Industry assistance would instead stem from three funds: the Economic and Business Growth Fund, the Research, Commercialisation and Startup Fund and the Regional Growth Fund.
The budget also included a further $1 million as part of South Australia’s efforts to attract the Australian Space Agency to the state.
The state announced last month that TechInSA, the agency currently responsible for the various state industry development programs for the tech and startup sectors, would be scrapped, along with the chief innovator position.
Its functions would incorporated into the new Office of the Chief Entrepreneur, with the move saving the government $6.4 million per year from 2021-22.
In place of the various grants and funding assistance on offer through TechInSA would be the Research, Commercialisation and Startup Fund, which was allocated $27.9 million over four years.
The new fund would be for collaboration with researchers and universities to solve industrial problems, the commercialisation of new products and services, research infrastructure investment and to “encourage establishment and growth of startups”.
This is part of the state government’s wider move away from grants-based assistance, Treasurer Rob Lucas said in his budget speech.
“Supporting these initiatives is a radical new approach to providing industry support with much less emphasis being placed on politicians and public servants ‘picking winners’ for the receipt of taxpayer funded grants and loans,” Mr Lucas said.
“Whilst direct financial assistance might still be offered in limited circumstances the new emphasis will be on proposals that have broader benefits for an industry sector or a number of businesses.”
The Liberal Party’s major election pitch to the tech sector was the establishment of an innovation precinct at Lot Fourteen, the former Royal Adelaide Hospital. This project alone has been given $43.9 million in funding over two years for the re-fit and re-purpose of seven buildings in the precinct.
This includes $4.8 million in rental subsidies over the forward estimates for 650 startup spaces in the precinct, with a total of 23,000 square metres of space.
The state government has also provided $1 million over four years to establish an Australian Space Innovation Precinct on the site, which would be the “perfect location to house the Australian Space Agency”.
The new entrepreneurial visa trial, announced during the election campaign in partnership with the federal government, will received $400,000 over four years.

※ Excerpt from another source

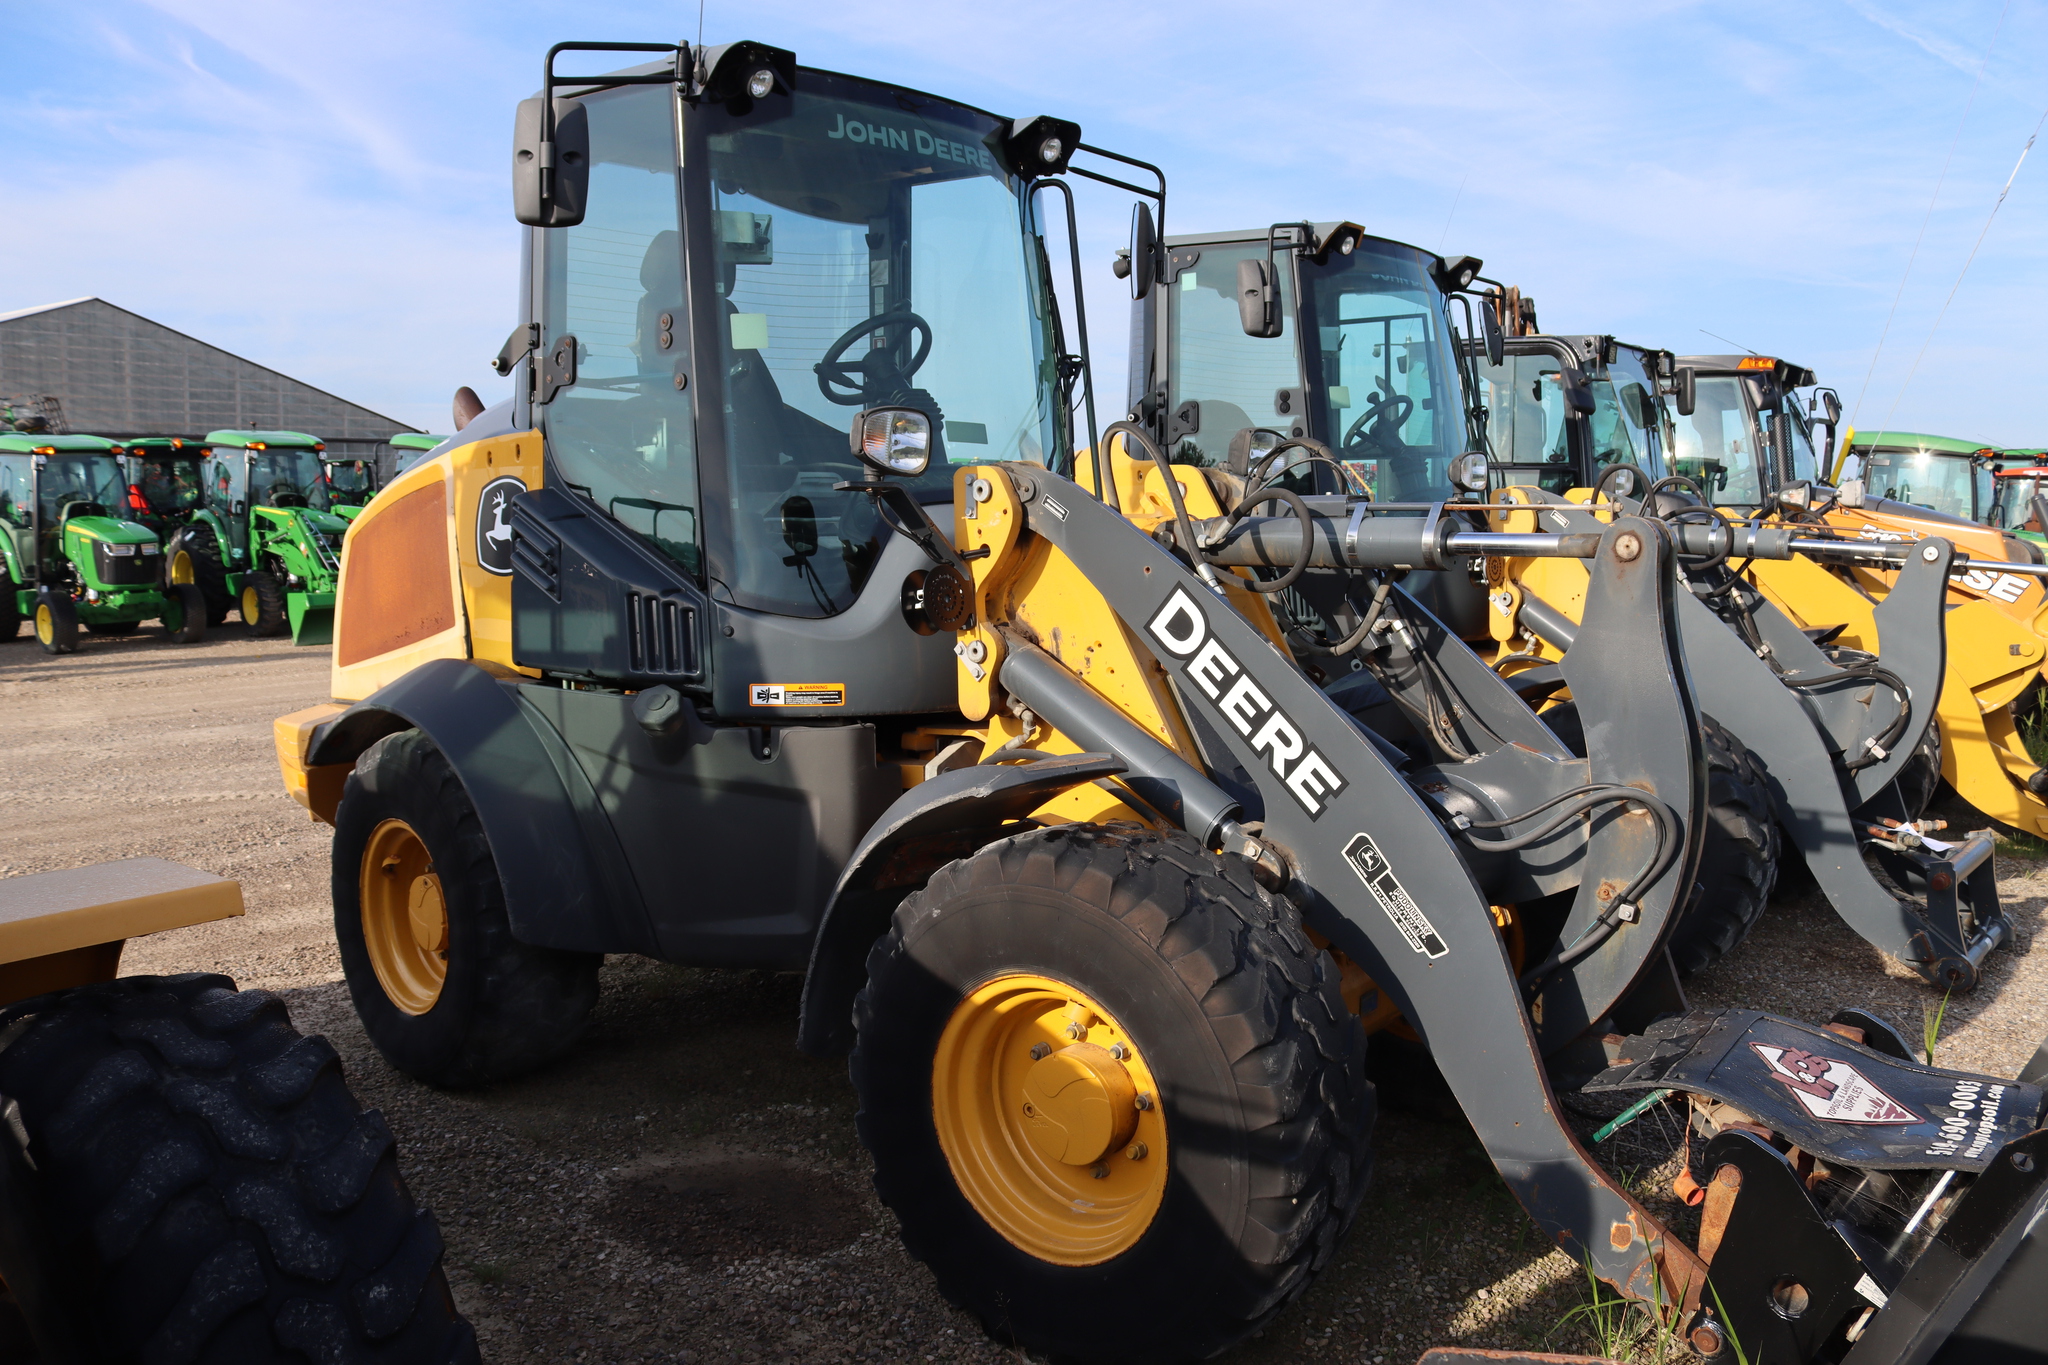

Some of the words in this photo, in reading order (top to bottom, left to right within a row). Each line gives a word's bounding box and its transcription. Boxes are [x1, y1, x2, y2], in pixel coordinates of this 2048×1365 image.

[828, 113, 910, 151] JOHN
[914, 129, 993, 171] DEERE
[1150, 588, 1342, 814] DEERE
[1842, 1085, 1864, 1111] SUPPLIES

The budget included a focus on regional trade and investment, with $9.3 million over four years for new trade offices in the US, Japan, Malaysia and the United Arab Emirates, along with $3.5 million for a stand-alone business investment office in Shanghai.
These new programs came at the cost of a number of the previous Labor government’s initiatives.

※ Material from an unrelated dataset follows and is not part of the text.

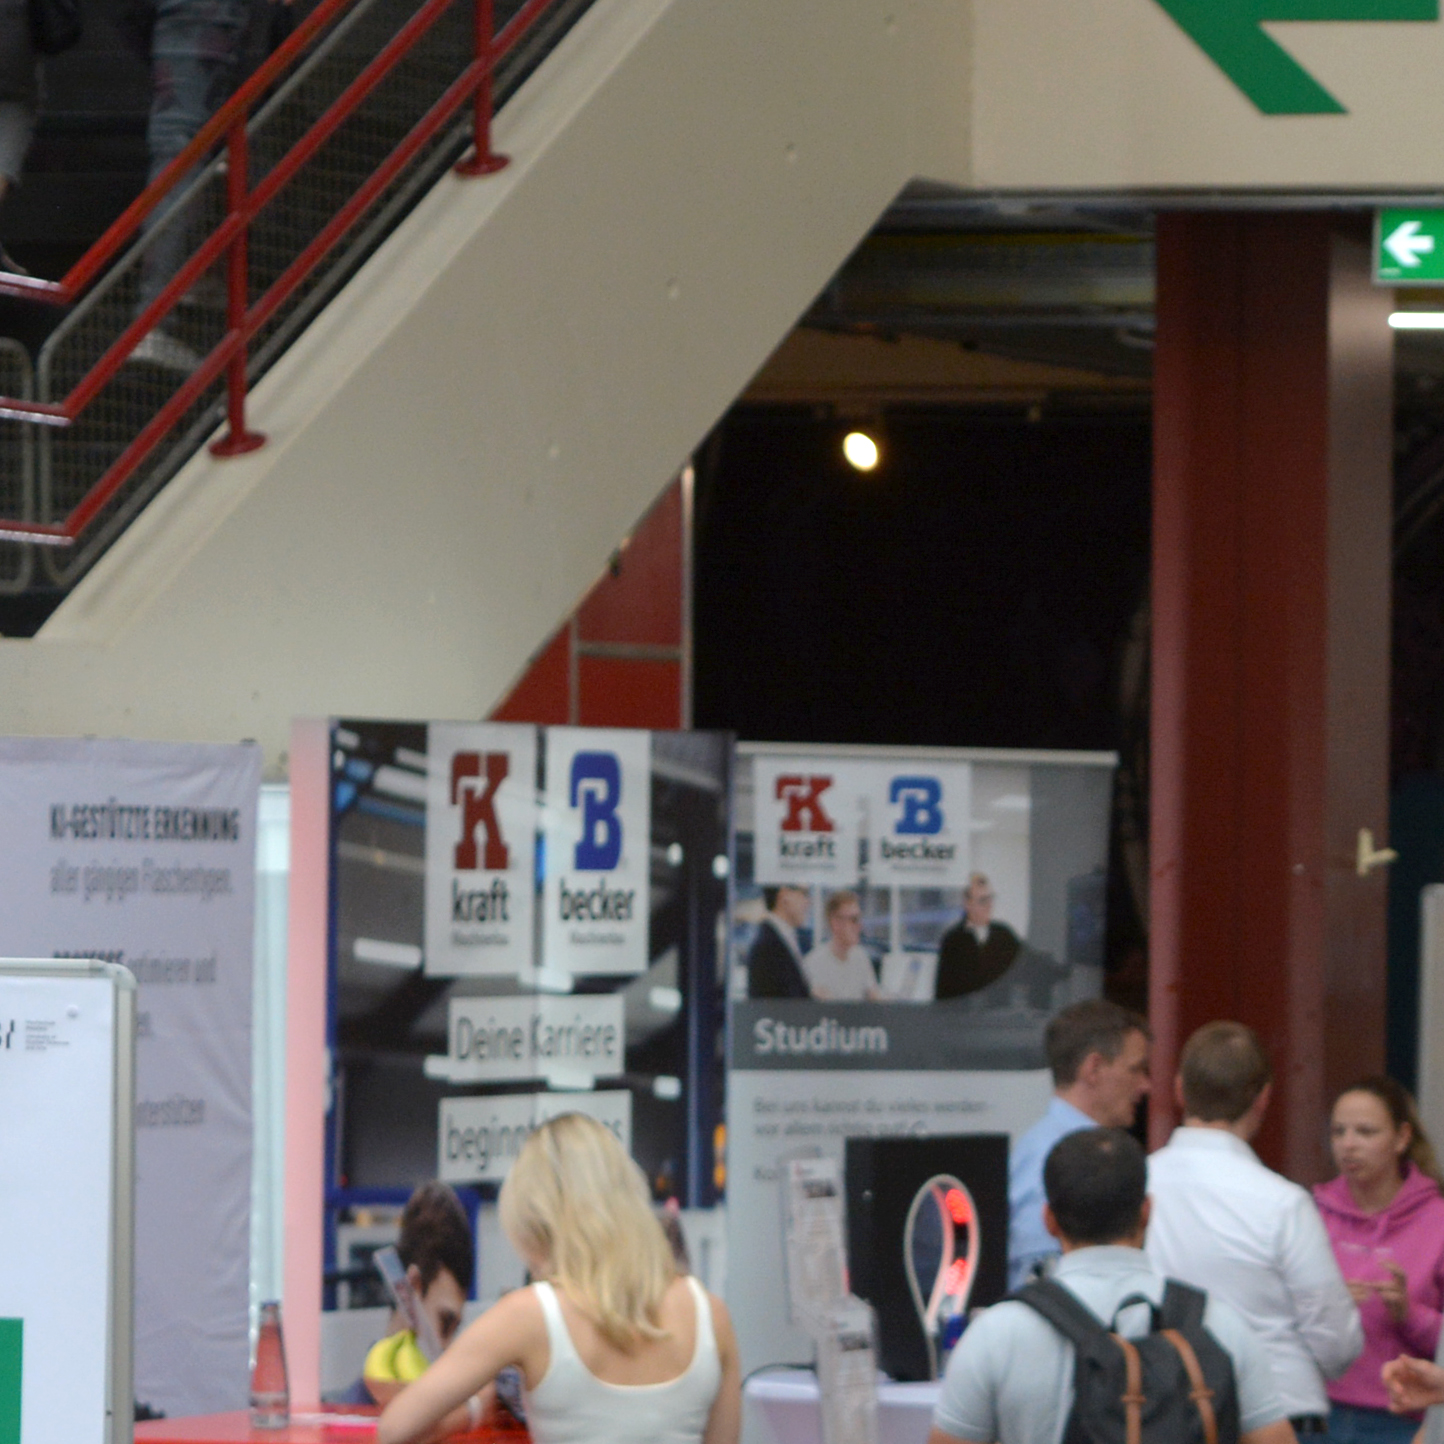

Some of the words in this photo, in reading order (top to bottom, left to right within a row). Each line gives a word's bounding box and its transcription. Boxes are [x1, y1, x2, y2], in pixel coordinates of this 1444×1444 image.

The $2 million Digital Game Development Program, which provided grants of between $15,000 and $50,000 has been scrapped, along with a program that was set to provide a laptop to all state students in Year 10 and above, which had been allocated $70 million.

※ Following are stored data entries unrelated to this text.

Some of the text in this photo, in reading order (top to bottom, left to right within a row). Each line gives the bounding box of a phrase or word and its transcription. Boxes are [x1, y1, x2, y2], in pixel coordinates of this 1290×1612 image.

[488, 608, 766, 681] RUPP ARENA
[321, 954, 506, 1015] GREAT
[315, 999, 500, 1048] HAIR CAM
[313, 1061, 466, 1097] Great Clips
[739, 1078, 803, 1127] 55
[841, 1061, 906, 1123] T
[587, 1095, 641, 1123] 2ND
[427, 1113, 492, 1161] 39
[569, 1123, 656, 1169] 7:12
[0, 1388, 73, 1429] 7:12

The state opposition has criticised the budget, saying it lacks an overarching message.
“What is the central mission for this budget? Where is the job growth opportunities for the future? On the government’s own reckoning, they’re expecting jobs growth to fall over the course of the forward estimates,” Opposition leader Peter Malinauskas said.
“There is no vision to this budget, there is no central uplifting theme, only cruel closures, cuts and privatisations that were never canvassed before the election.”